EXERCISE DIRECTIONS: Please return the listing exactly as written, but without its pictures.

SOURCE MATERIAL:

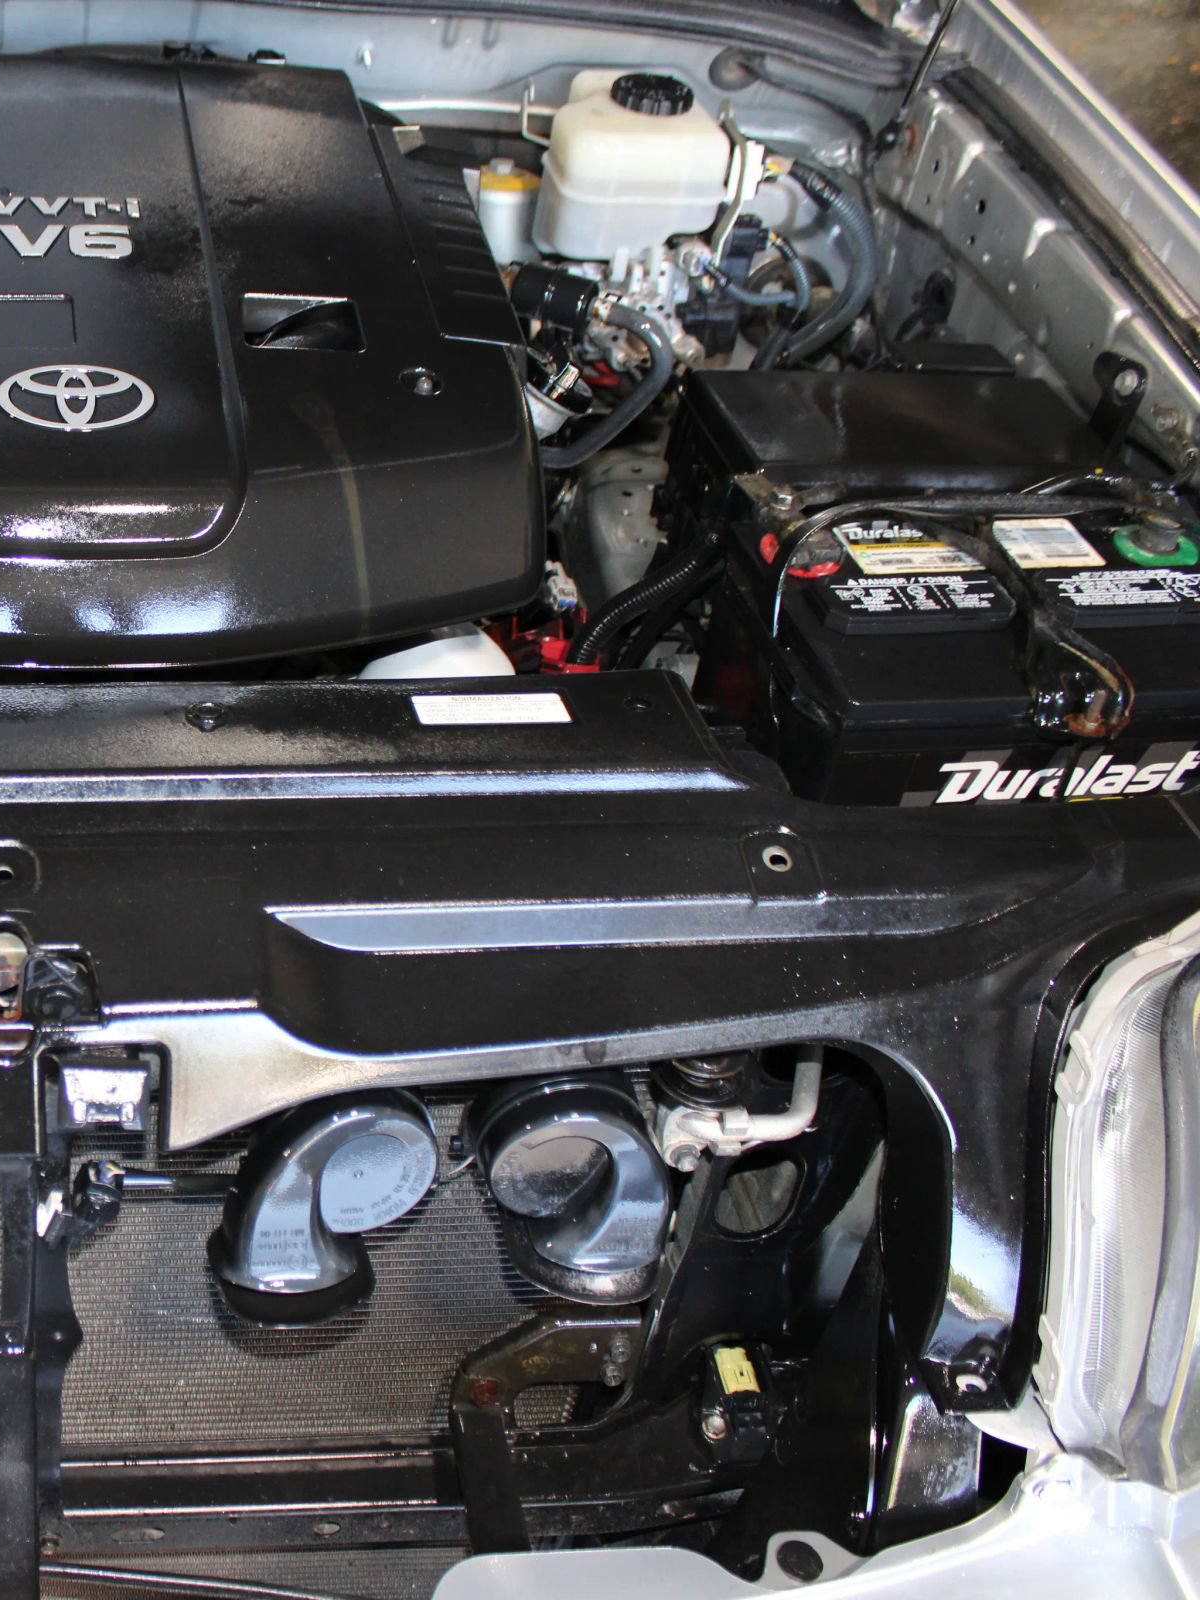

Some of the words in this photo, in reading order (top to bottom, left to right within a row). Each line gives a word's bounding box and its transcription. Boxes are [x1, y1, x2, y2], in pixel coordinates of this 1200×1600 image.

[841, 526, 923, 540] Duralas
[917, 576, 963, 584] POISON
[935, 750, 1200, 804] Duralast
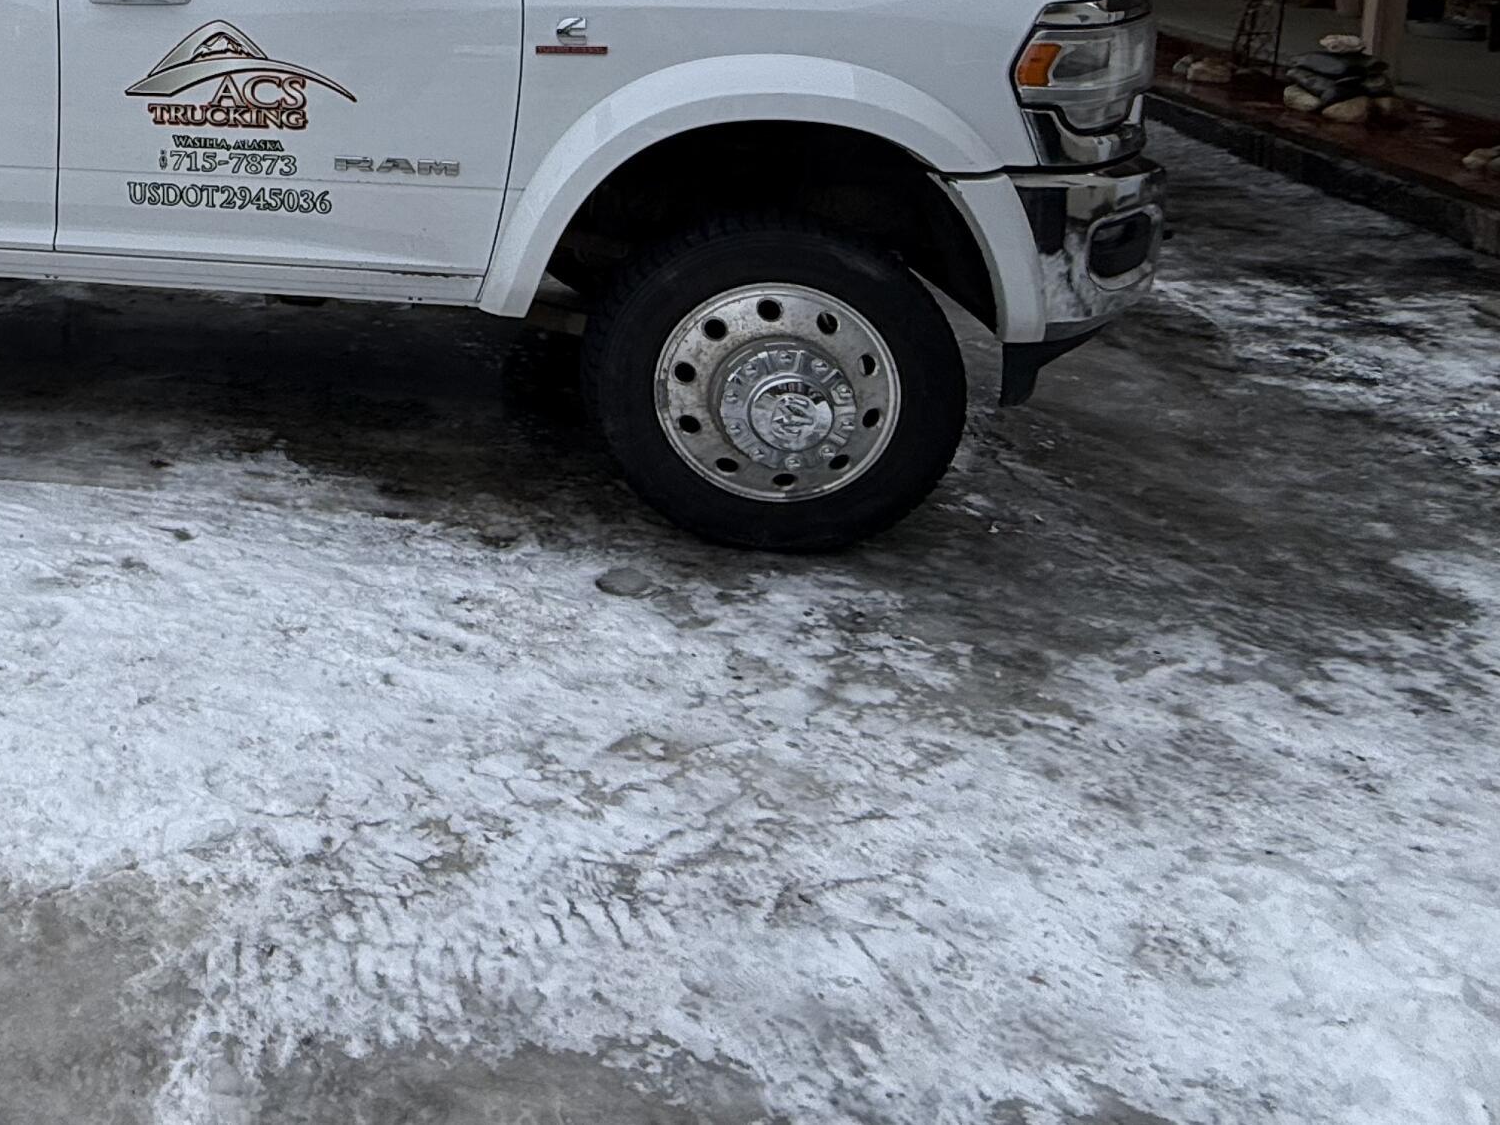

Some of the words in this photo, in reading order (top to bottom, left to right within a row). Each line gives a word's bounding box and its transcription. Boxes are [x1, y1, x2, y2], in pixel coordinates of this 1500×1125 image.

[209, 75, 307, 110] ACS
[148, 103, 309, 129] TRUCKING
[233, 139, 285, 152] ALASKA
[170, 150, 298, 176] 715-7873
[333, 155, 461, 177] RAM
[127, 181, 333, 214] USDOT2945036

EXERCISE RESULT:
Some of the words in this photo, in reading order (top to bottom, left to right within a row). Each line gives a word's bounding box and its transcription. Boxes are [x1, y1, x2, y2], in pixel coordinates of this 1200×1600 image.

[841, 526, 923, 540] Duralas
[917, 576, 963, 584] POISON
[935, 750, 1200, 804] Duralast

Some of the words in this photo, in reading order (top to bottom, left to right within a row). Each line gives a word's bounding box and its transcription. Boxes are [x1, y1, x2, y2], in pixel coordinates of this 1500×1125 image.

[209, 75, 307, 110] ACS
[148, 103, 309, 129] TRUCKING
[233, 139, 285, 152] ALASKA
[170, 150, 298, 176] 715-7873
[333, 155, 461, 177] RAM
[127, 181, 333, 214] USDOT2945036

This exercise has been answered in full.